Let’s look at these purported criteria one by one Almost everyone will find “a sympathy for equality” a desirable attribute--especially if it means that one doesn’t have to offer anything but sympathy. For generations billionaires have felt sympathy for the plight of their lackeys, while continuing to exploit them. Like courtesy, sympathy costs nothing. And as Stanley Fish would say, a good thing too.

And then there is “an inclination to deliberate.” For a considerable period, starting with Edmund Burke and Joseph de Maistre conservatives have shown an almost obsessive inclination to deliberation. In fact, many bewail that fact that in the era of Sarah Palin and Joe the Plummer, this disposition has been lost. Something important has indeed disappeared, or at least gone into hibernation. That absence shows that liberals have no particular claim on deliberation. Yes, Rush Limbaugh doesn’t show much talent in the deliberation sweepstakes, but neither do Harry Reid and Nancy Pelosi, Keith Olberman and Rachel Maddow.

Tolerance? Well, liberals can be about as intolerant as any other group. One reason I’ve stopped going to Manhattan dinner parties is the abundant intolerance that reigns there. With just about everyone. “openness” is characteristic of one’s own opinions; closedness with those who disagree.

To be sure, Appiah, Wolfe’s ally and explainer, concedes that first quartet is pretty banal. But then there are the three “unfamiliar” elements, which seem to evidence fresh thinking. That’s a relief. Except that it isn’t.

Who isn’t in favor of personal growth? And of course we are all sure that our personal point of view is informed by “realism.” Finally, notice the weasel wording of “a taste for governance.” One doesn’t actually have to favor big government, or much government at all. All one needs is a “taste for governance.”

So there we have it. Seven little dollops of intellectual tofu. Edible I suppose, but with no flavor or nutritive value.

Those who are seeking to resuscitate liberalism as a vibrant political philosophy must do much better than Wolfe and Appiah.

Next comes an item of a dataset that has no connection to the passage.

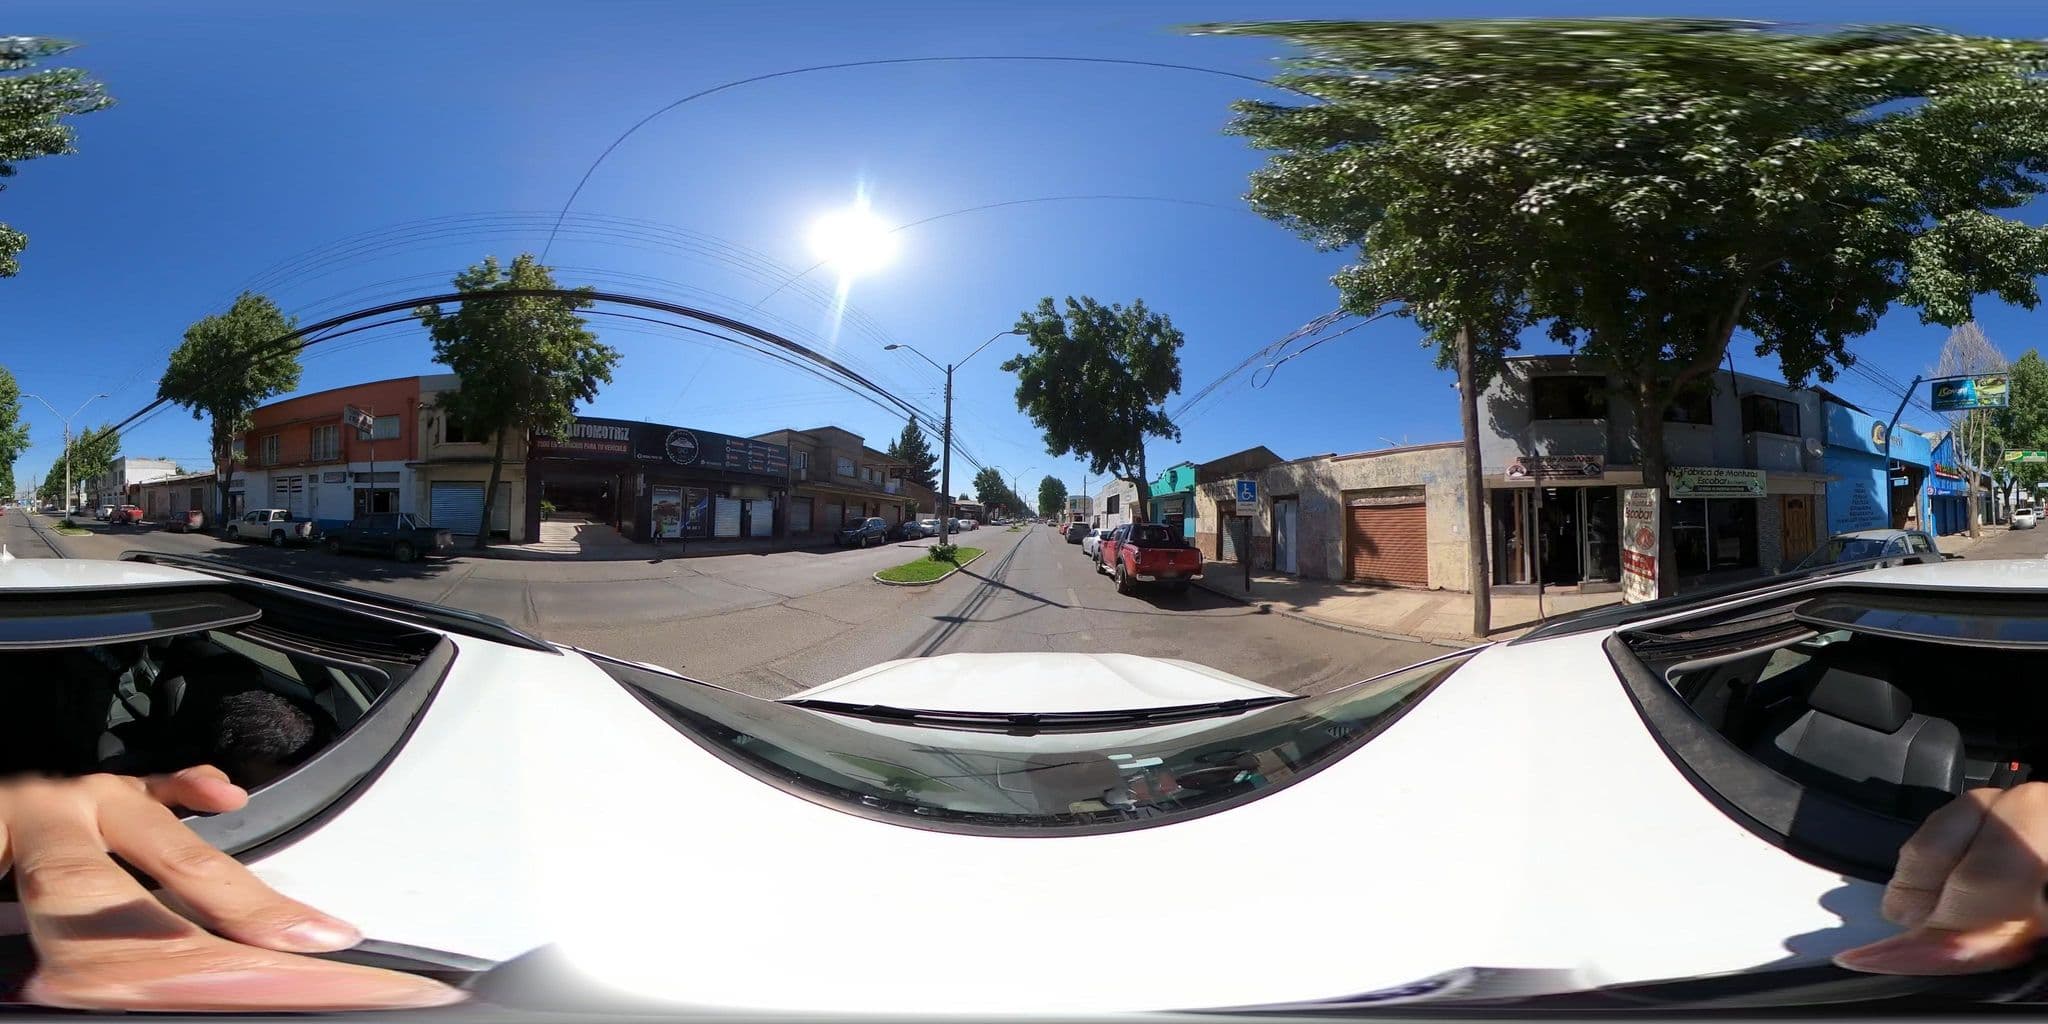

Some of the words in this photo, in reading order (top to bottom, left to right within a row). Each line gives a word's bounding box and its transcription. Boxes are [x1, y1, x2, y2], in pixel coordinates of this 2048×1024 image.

[583, 442, 597, 450] PARA
[597, 443, 605, 451] TU
[1713, 469, 1724, 477] de
[1697, 476, 1728, 485] Escobar

From a somewhat different angle comes a new argument from film critic David Denby. In “Snark: It's Mean, It's Personal, and It's Ruining Our Conversation,” Denby traces the antecedents of the verbal nastiness he sees embodied in snark back to the drinking poets of ancient Greece, the first authors (to our knowledge) to make an art out of insult, and to Juvenal, the satirist of classical Rome. Despite Denby’s seeming erudition, nowadays it all seems to come down to who the target is. Attacking Al Gore or Hilary Clinton is a prima facie instance of snark, while John McCain and Sarah Palin are fair game. Liberal snarkers like John Stewart and potty-mouthed Sarah Silverman don’t even merit a wrist slap. It seems that these liberals are engaging in “irony” and not snark. How can we tell the difference? Well, for one thing, some people value “growth” and others don’t.

The common denominator of Wolfe and Appiah, on the one hand, and Denby, on the other, is that liberalism is reduced to a matter of temperament and habit. The goody-goody liberals are plentifully endowed with excellent qualities--or so they believe. Lacking these, their wingnut opponents are simply “mean.”

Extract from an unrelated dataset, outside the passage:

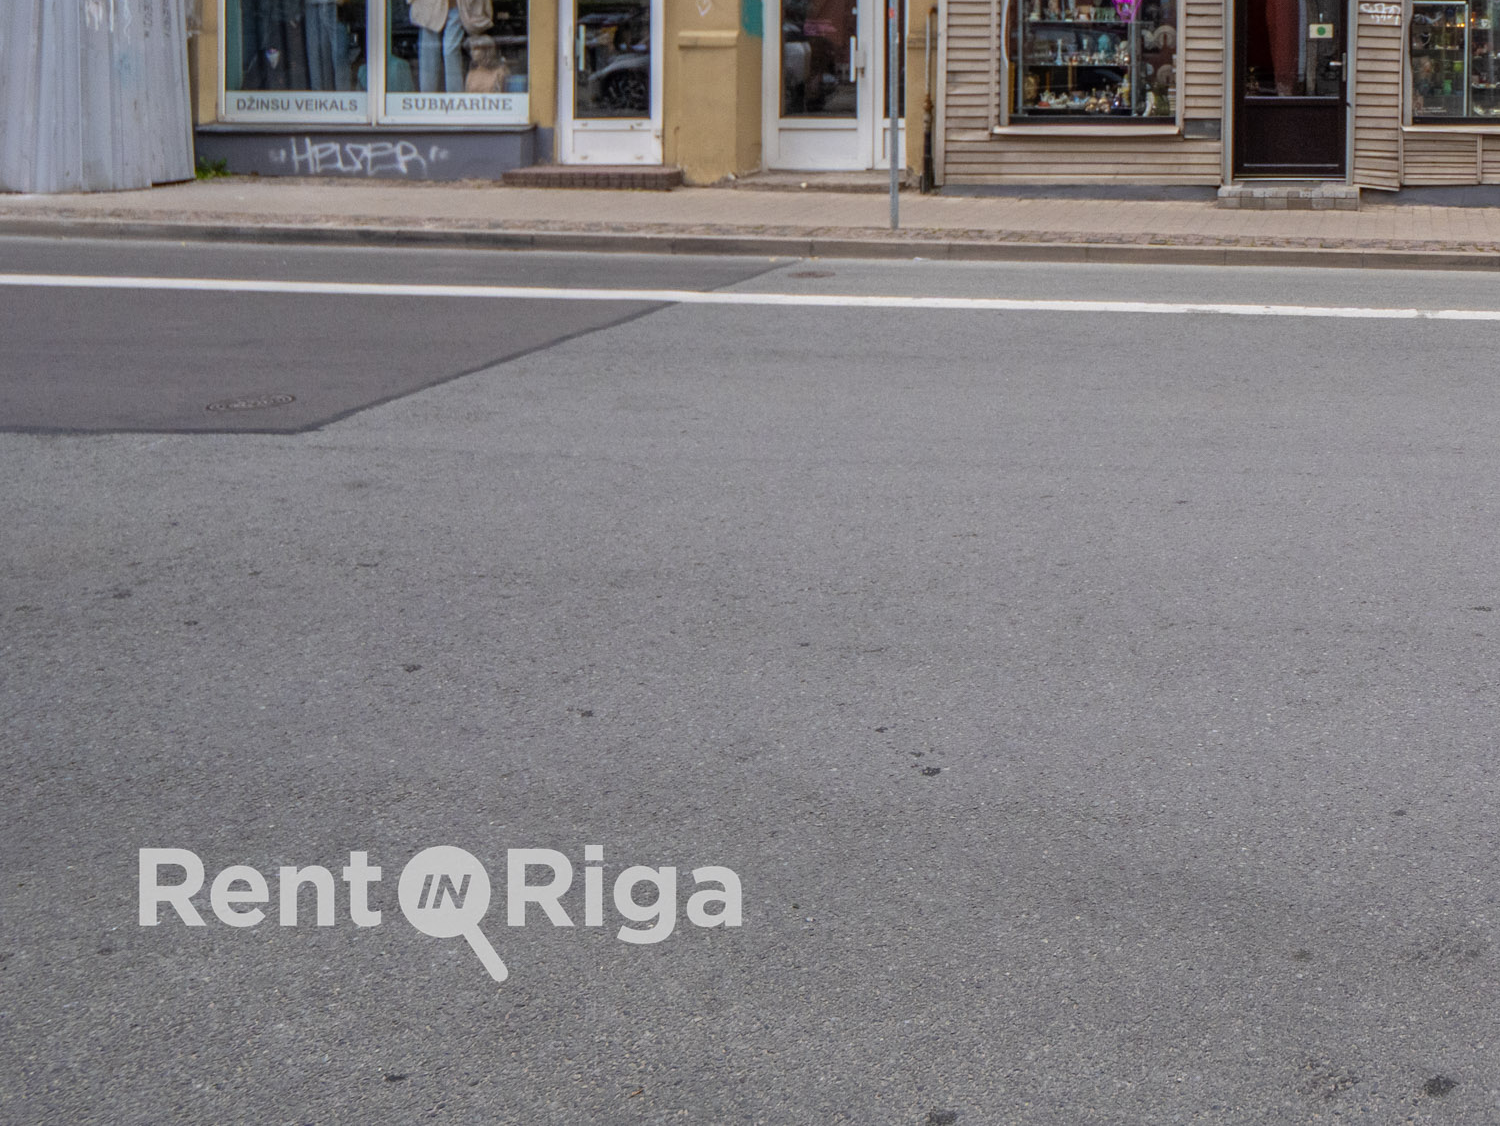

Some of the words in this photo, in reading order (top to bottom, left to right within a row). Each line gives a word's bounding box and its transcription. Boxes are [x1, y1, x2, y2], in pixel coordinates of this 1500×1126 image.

[236, 96, 291, 112] DŽINSU
[295, 98, 358, 113] VEIKALS
[402, 96, 513, 114] SUBMARĪNE

Such vague and self-congratulatory notions reveal a lack of hard thinking, as any serious political theory would require. What are examples of a serious political theory? Here are three: Burkean conservatism, the Libertarianism of Hayek and Freedman, and Marxist historical materialism. In all three cases there is a core set of beliefs. From these, various consequences or principles flow. Of course the political philosophies of Burke, Hayek and Freedman, and Marx are not doing very well these days. Yet the retreat of such serious bodies of theory has left a vacuum. That vacuum will have to be filled by something other than Wolfean self-congratulation.

The test of real political principles is whether they lead one to uncomfortable conclusions. Thus I give high marks to conservatives who went against the grain and opposed the Iraq War. By the same token a liberal who says that we must distinguish between legal and illegal immigration is putting it on the line.

A case in point comes from an op-ed in today’s New York Times, written by the liberal William Saletan, Slate’s national correspondent. Saletan does not think that abortion is benign. He makes an argument for increasing contraception as a way of reducing the number of abortions. “For liberals, that means taking abortion seriously as a argument for contraception. We should make the abortion rate an index of national health, like poverty or infant mortality.” Clearly, Mr. Saletan has done some hard thinking and decided not to support the knee-jerk feminist-progressive view that abortion is always just fine.

Let me give an example that touches me personally. A major conference will take place in Budapest this spring on the law and sex. As a veteran of the sexual revolution of the sixties, I have long held that laws regulating sexual behavior should be reduced to the absolute minimum. Provided it takes place between consenting adults, sex is good, and everyone should have access to it. Accordingly I have favored the end of laws against prostitution. After all, it is a victimless crime. But is it? In recent years we have heard of many well-documented cases where inexperienced young women, usually from Eastern Europe and Asia, are lured away from their homes to be brutally trafficked to clients in affluent Western countries. The conditions to which these women are subject are appalling. They are surely victims. Consequently, the harm principle requires that the law step in to stop, or at least reduce this dreadful situation.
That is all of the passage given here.